**Task directions**. The required answer is an exact copy of the records below, without pictures.

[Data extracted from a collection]

************

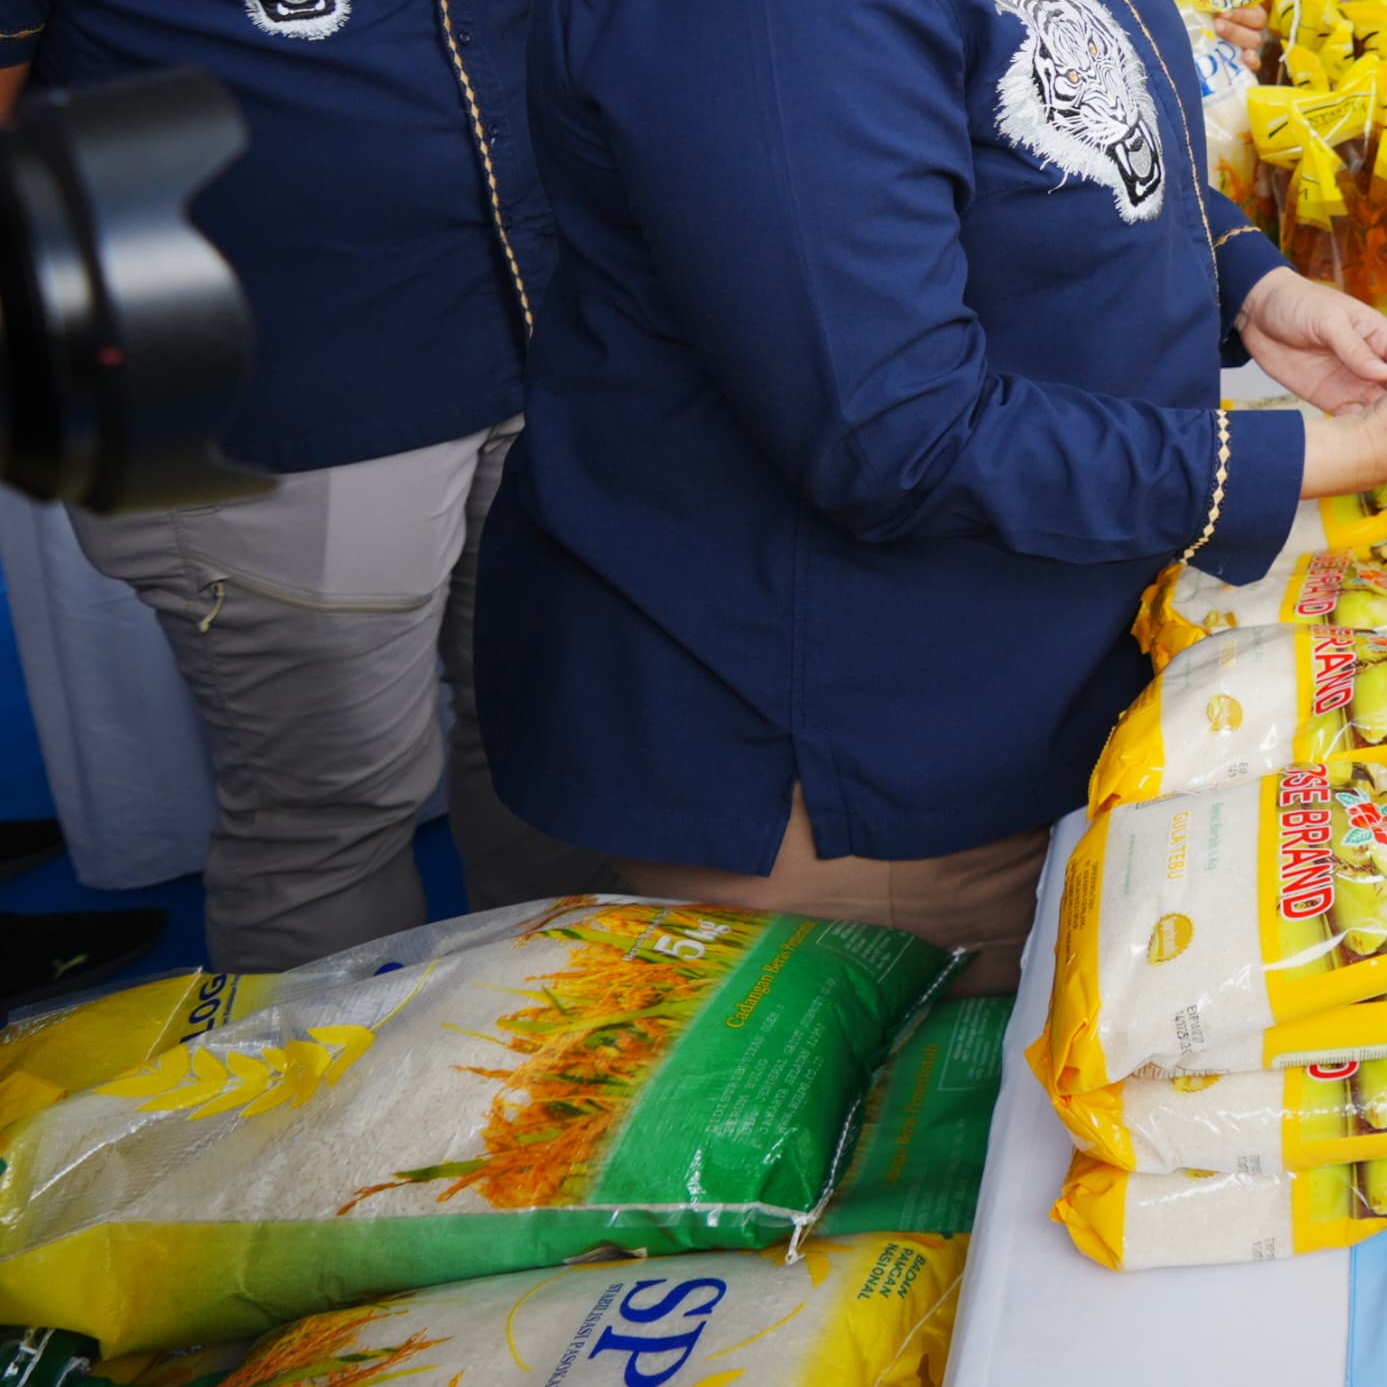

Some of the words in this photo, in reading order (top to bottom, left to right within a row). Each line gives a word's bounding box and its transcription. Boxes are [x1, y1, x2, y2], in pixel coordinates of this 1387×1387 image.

[1170, 810, 1190, 848] GULA
[1166, 847, 1188, 882] TEBU
[1280, 808, 1335, 922] BRAND
[654, 934, 706, 961] 5
[725, 970, 774, 1030] Cadangan
[856, 1242, 898, 1302] NASIONAL
[879, 1248, 915, 1299] PANGAN
[572, 1282, 624, 1342] STABILISASI

************

**Task response**.
Some of the words in this photo, in reading order (top to bottom, left to right within a row). Each line gives a word's bounding box and its transcription. Boxes are [x1, y1, x2, y2], in pixel coordinates of this 1387×1387 image.

[1170, 810, 1190, 848] GULA
[1166, 847, 1188, 882] TEBU
[1280, 808, 1335, 922] BRAND
[654, 934, 706, 961] 5
[725, 970, 774, 1030] Cadangan
[856, 1242, 898, 1302] NASIONAL
[879, 1248, 915, 1299] PANGAN
[572, 1282, 624, 1342] STABILISASI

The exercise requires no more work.